The most common adverse reactions in people taking the drug were involuntary muscle movement, dizziness, constipation, nausea, hallucination and sleepiness. The FDA indicates patients receiving Nourianz should be monitored for signs of dyskinesia (the involuntary muscle movement) or the worsening of existing dyskinesia.
Nourianz is a selective adenosine A2A receptor antagonist. This approval makes Nourianz the first and only adenosine A2A receptor antagonist indicated for Parkinson’s in the U.S.
“We are proud that Nourianz is now ready to help adult patients with Parkinson’s disease in the U.S.,” stated Tomohiro Sudo, head of Global Product Management Office of Kyowa Kirin. “We believe that Nourianz could be an important contributor to improve treatment outcomes. We will be working to bring the product to patients globally.”
Parkinson’s disease is the second-most common neurodegenerative disorder in the United States, according to the National Institutes of Health (NIH). The first is Alzheimer’s disease. Each year, about 50,000 people in the U.S. are diagnosed with PD and about one million people in the country have it. It is most common in people over the age of 60, although it does occur earlier in some people.
Parkinson’s occurs when certain brain cells, which generate dopamine, become impaired or die. Dopamine helps transmit signals between the parts of the brain that cause smooth, purposeful movements, like eating, writing and shaving.

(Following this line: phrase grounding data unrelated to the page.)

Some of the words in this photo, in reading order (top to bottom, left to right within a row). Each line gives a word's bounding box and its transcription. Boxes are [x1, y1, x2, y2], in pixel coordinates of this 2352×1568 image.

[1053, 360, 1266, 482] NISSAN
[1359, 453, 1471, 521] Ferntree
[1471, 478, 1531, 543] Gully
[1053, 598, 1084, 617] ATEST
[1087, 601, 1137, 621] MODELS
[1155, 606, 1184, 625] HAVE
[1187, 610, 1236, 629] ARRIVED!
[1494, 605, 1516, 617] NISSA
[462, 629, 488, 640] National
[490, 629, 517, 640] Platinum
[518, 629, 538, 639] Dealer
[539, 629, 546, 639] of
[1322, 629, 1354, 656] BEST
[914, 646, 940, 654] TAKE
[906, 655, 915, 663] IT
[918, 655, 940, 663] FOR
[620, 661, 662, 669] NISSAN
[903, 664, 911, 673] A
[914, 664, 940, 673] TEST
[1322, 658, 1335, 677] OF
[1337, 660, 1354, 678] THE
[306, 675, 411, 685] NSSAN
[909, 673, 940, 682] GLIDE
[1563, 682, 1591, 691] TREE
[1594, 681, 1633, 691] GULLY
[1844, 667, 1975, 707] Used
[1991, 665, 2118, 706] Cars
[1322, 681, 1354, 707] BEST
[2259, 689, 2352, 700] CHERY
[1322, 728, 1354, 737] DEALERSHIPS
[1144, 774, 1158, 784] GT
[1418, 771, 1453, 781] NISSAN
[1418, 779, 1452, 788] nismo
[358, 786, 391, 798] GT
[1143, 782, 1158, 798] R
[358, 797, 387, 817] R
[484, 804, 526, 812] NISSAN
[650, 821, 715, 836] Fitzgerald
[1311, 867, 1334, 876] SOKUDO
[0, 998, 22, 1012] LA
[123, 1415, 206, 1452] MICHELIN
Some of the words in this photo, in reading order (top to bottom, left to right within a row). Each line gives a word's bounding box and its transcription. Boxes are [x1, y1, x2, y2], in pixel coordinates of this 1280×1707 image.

“Today’s approval is the culmination of decades of perseverance in exploring the science and clinical effects of istradefylline and inhibition of adenosine A2A receptor signaling in people with Parkinson’s disease,” said Jeffrey S. Humphrey, Kyowa Kirin’s chief development officer. “In clinical studies, istradefylline, used as adjunctive treatment to levodopa/carbidopa in adult patients with PD experiencing “OFF” episodes, was associated with a decrease in OFF Time and increase in ON Time without troublesome dyskinesia. We are grateful for the FDA approval and for the many dedicated scientists and patients whose participation in our research programs has resulted in a new treatment option for Parkinson’s disease.”